7 Gennaio 2013, di Redazione Wall Street Italia

ROMA (WSI) – Diamo uno sguardo approfondito alle elezioni politiche che si terranno in Israele il 22 gennaio 2013 che sono di importanza fondamentale, dato che potrebbero anche essere causa di un conflitto a livello mondiale.

Ora la media degli ultimi sondaggi danno il partito di destra del Premier Netanyahu e di Lieberman, Likud Beiteinu al primo posto ma senza i numeri necessari per avere la maggiornaza alla Knesset (parlamento israeliano) che conta di 120 seggi (maggioranza con 61).

Vediamo secondo il sito” 972mag” la più recente media dei sondaggi per queste elezioni:

BLOCCO CENTRODESTRA TOTALE 49.5 seggi

LIKUD BEITEINU 34.5 seggi

Centro-destra, nazionalista – contro lo smantellamento degli insediamenti più grandi dei coloni.

BAYIT YEHUDI 13.75 seggi

Estrema destra, nazional-religiosa, partito dei coloni – per il rafforzamento dell’educazione religiosa

OTZMA LEYISRAEL 1.25 seggi

Estrema destra,sionista, partito per una Grande Israele- contro ogni concessione ai Palestinesi.

BLOCCO RELIGIOSO TOTALE 17 seggi

SHAS 11 seggi

Ortodossi Sefarditi- vuole una politica basata sui principi della Torah, favorevole ai coloni, vicina alla destra.

UNITED TORAH JUDAISM 6 seggi

Ortodossi Ashkenaziti- vuole una politica vicina ai principi religiosi, vicina
alla destra.

BLOCCO CENTRO TOTALE 19.5 seggi

YESH ATID 9.75 seggi

Centrista, liberale – impegno per la pace leva e lavoro anche per gli ebrei ortodossi e per gli arabi.

HATNUAH 9.75 seggi

Centrista -legge per l’ambiente favorevole
ad un accordo di pace con i palestinesi.

BLOCCO CENTRO-SINISTRA TOTALE 21.75 seggi

LABOR 17.5 seggi

Centro-sinistra, socialdemocratico, sionismo laburista – favorevole ad aumento salario minimo e ad un accordo di pace.

MERETZ 4.25 seggi

Centro-sinistra, socialdemocratico, ambientalista-
favorevole al totale ritiro dai territori palestinesi dei coloni.

BLOCCO NON SIONISTA TOTALE 10.5 seggi

HADASH 3.75 seggi

Estrema sinistra, comunista, ambientalista, anti-razzista- favorevole alla pace con i palestinesi.

RAAM-TAAL 4 seggi

Partito degli arabi-israeliani- favorevole alla creazione di uno stato palestinese.

BALAD 2.75 seggi

Partito degli arabi-israeliani- favorevole alla creazione di uno stato palestinese.

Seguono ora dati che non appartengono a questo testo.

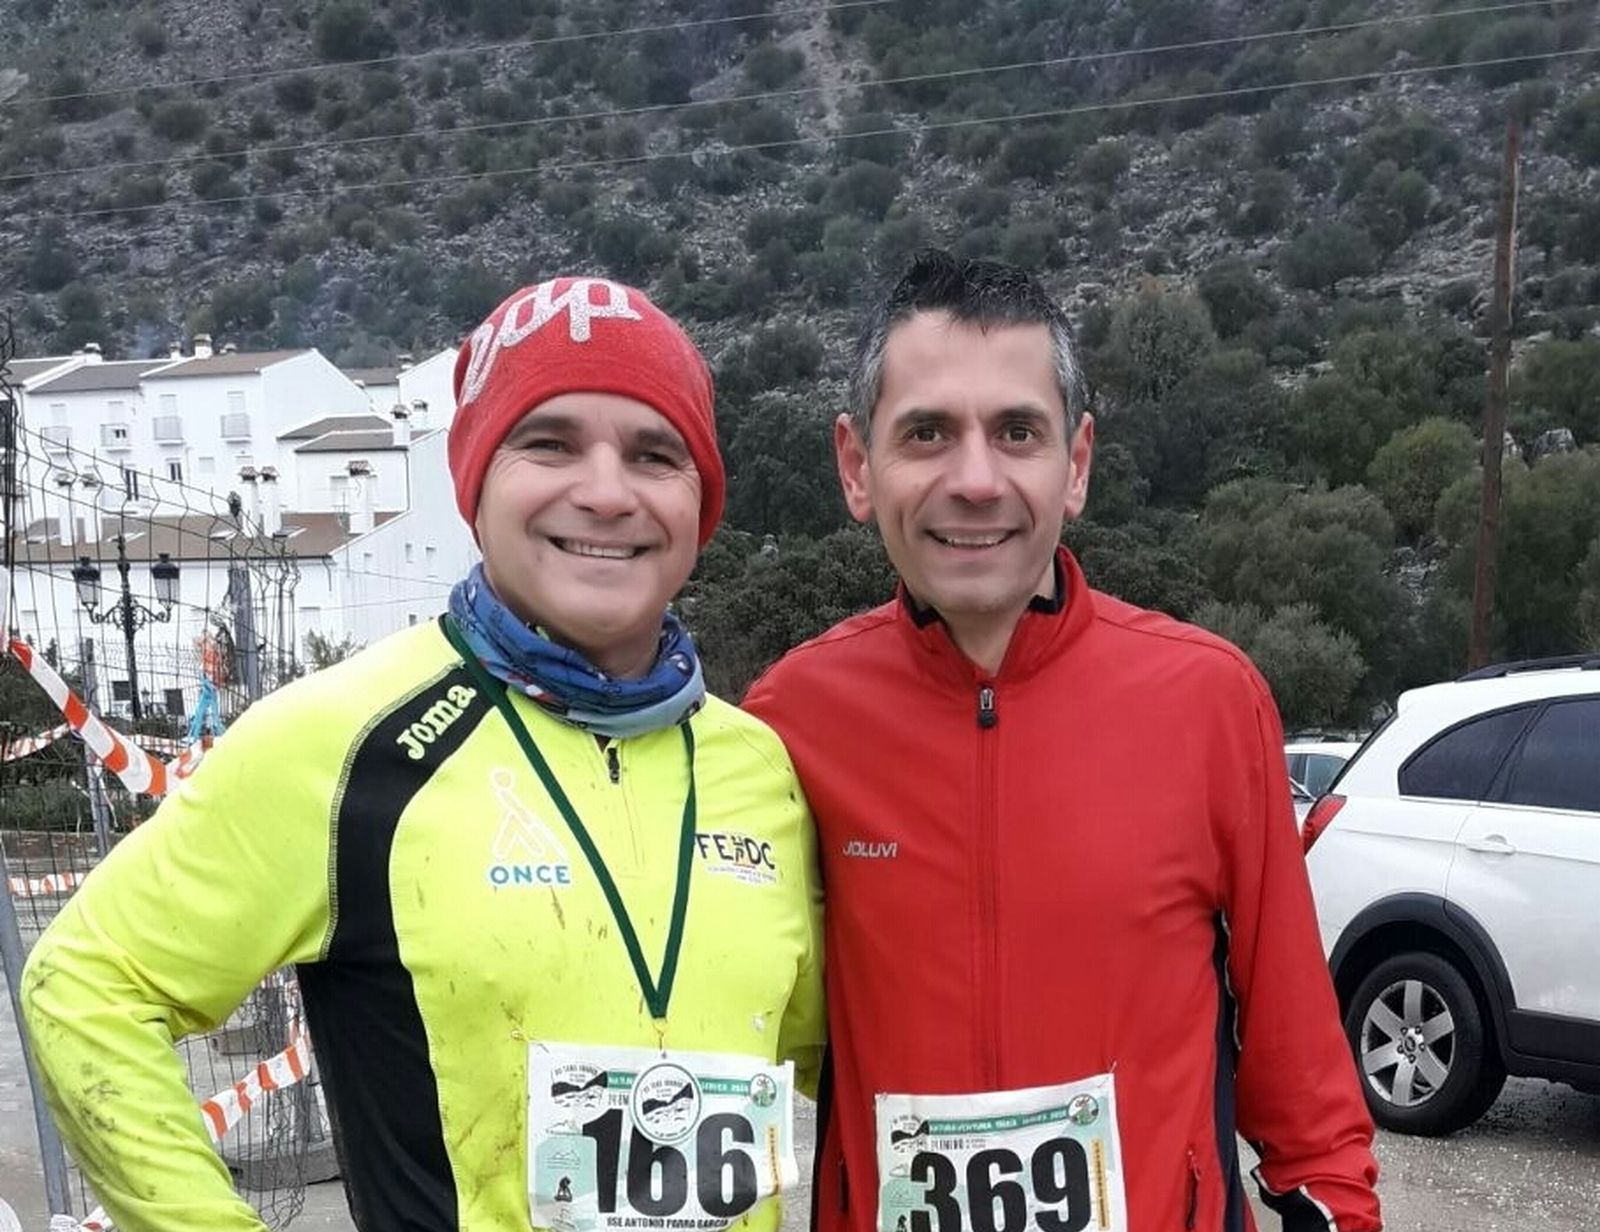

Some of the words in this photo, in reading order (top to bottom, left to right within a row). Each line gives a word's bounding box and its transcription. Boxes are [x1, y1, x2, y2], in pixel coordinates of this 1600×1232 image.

[396, 684, 478, 760] Joma
[842, 840, 898, 858] JOLUVI
[490, 865, 571, 885] ONCE
[582, 1108, 758, 1218] 166

Secondo questi sondaggi, il Likud Beiteinu alleandosi con gli altri partiti di destra e con i partiti del blocco religioso, dovrebbe ottenere circa 67 seggi, che gli garantirebbero la maggioranza. Nel 2009 vinse il partito di centro Kadima, ma non riusci a formare un governo, quindi divenne presidente Netanyahu alleandosi con Israel Beiteinu, Shas e grazie ad un accordo con il partito laburista. Ora l’ipotesi più probabile è sempre la vittoria di Netanyahu, ma con un governo formato dal blocco di destra e dal blocco religioso; fa riflettere il balzo dell’ estrema destra di Bayit Yehudi , il partito dei coloni, che passerebbe da 5 seggi a 13 seggi.

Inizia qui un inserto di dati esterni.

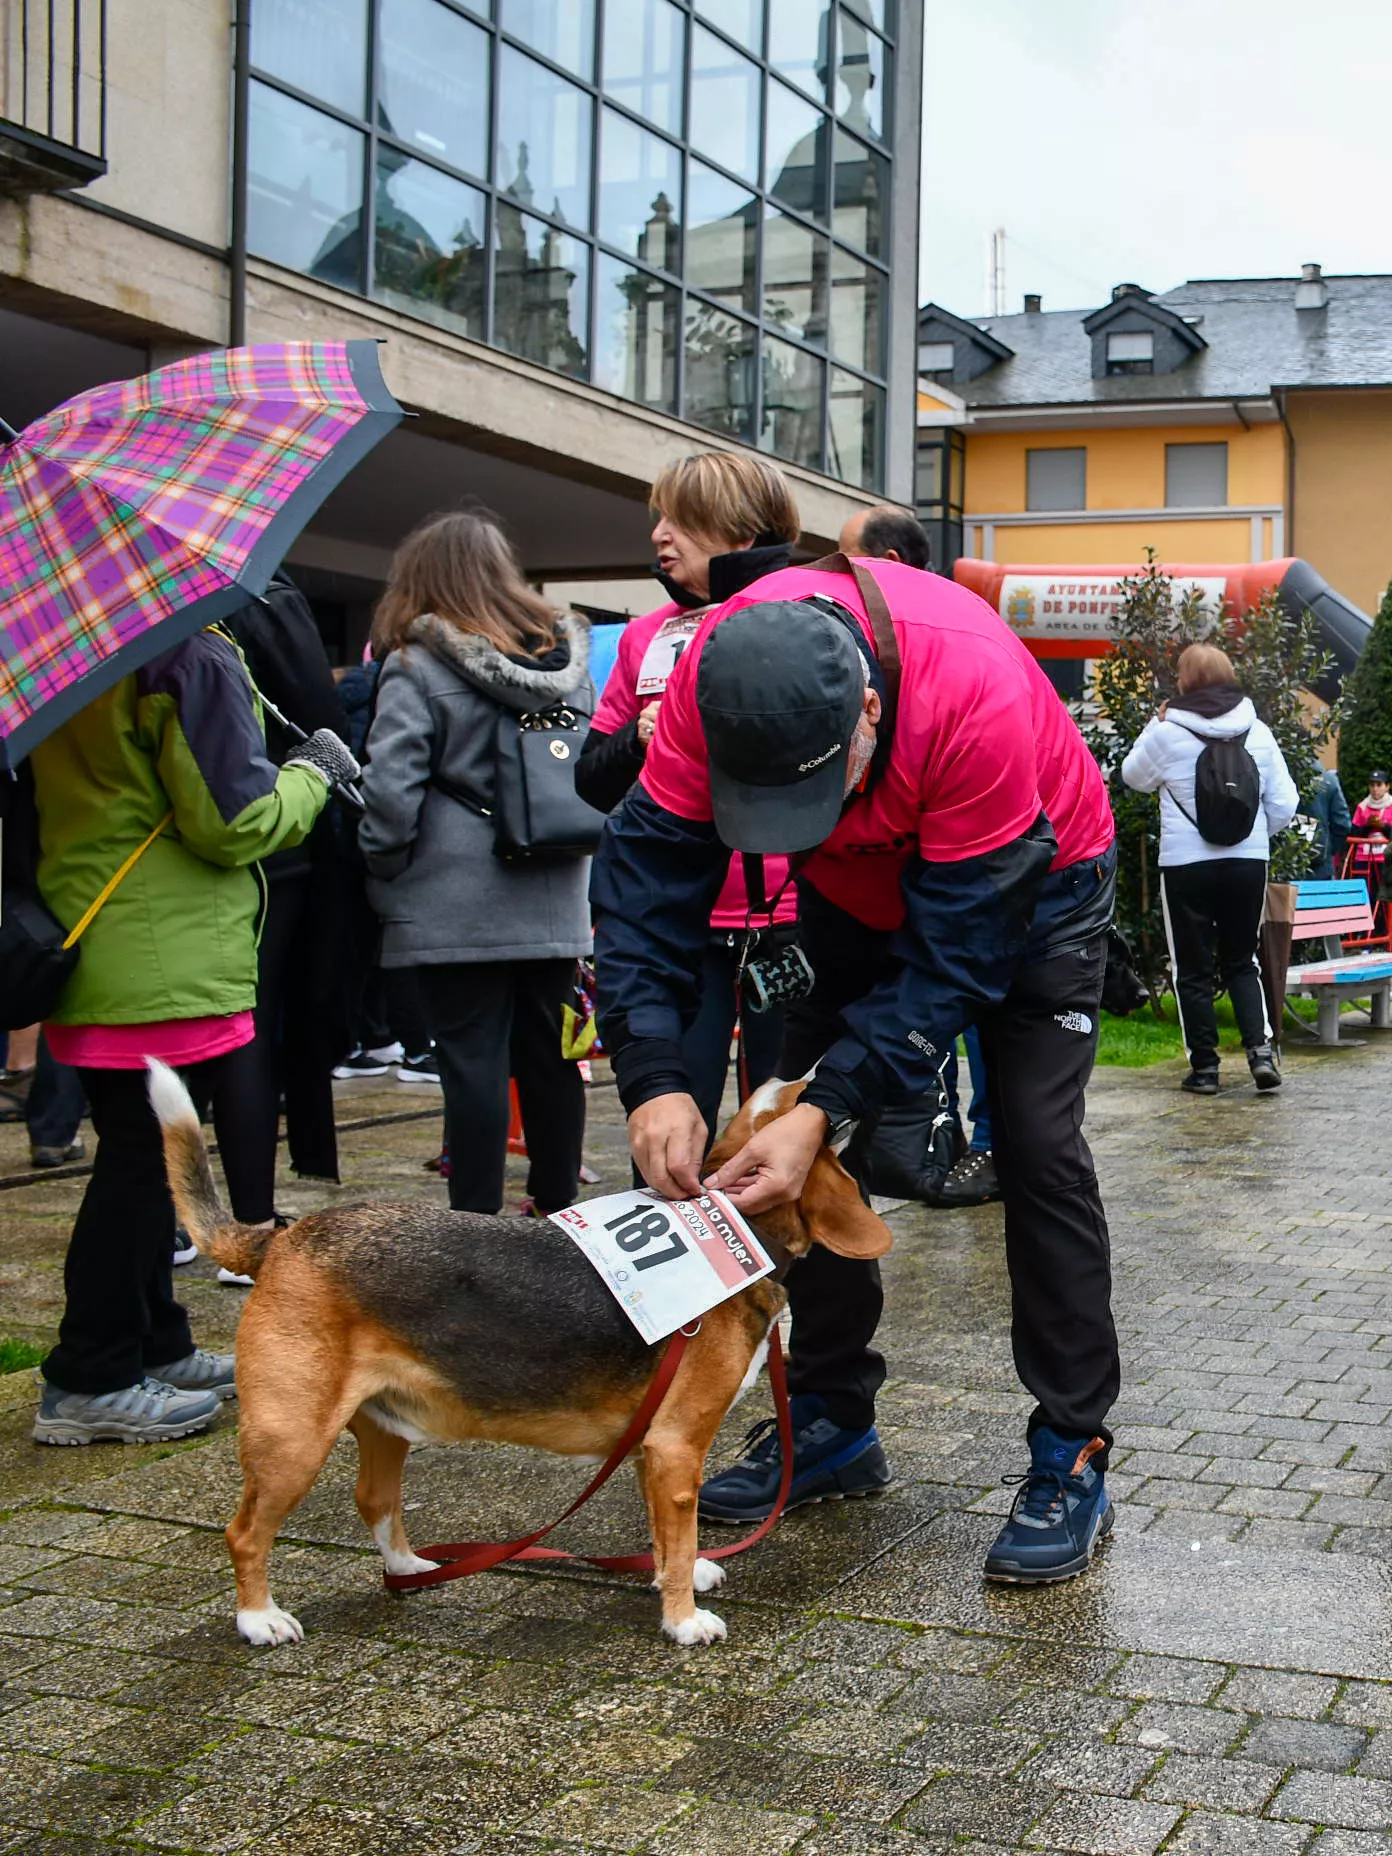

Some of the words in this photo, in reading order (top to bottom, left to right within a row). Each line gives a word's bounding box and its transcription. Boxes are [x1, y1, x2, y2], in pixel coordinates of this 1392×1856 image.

[1048, 584, 1121, 596] AYUNTAM
[1043, 601, 1064, 614] DE
[807, 743, 841, 768] Columbia
[1053, 1014, 1081, 1024] NORTH
[1067, 1010, 1081, 1018] THE
[1061, 1020, 1081, 1031] FACE
[684, 1209, 710, 1237] 2024
[603, 1205, 689, 1271] 187
[706, 1208, 722, 1222] la
[717, 1223, 753, 1265] mujer

Se questi sondaggi saranno confermati oltre all’ipotesi di un governo nazionalista e religioso,alternativamente é probabile un accordo del Likud Beiteinu con i partiti di centro o con il partito laburista per formare un governo più moderato. Nel caso si realizzi la prima ipotesi, la nascita di un governo con forte orientamento nazionalista e filo-colonico, non potrà che aggravare l’ostilità con i palestinesi e di conseguenza peggiorare la situazione con i vicini paesi arabi e rendere un attacco preventivo all’Iran più vicino, con tutte le conseguenze geopolitiche che questo comporta. Possiamo definire l’esito di queste elezioni una delle cause di una possibile guerra mondiale.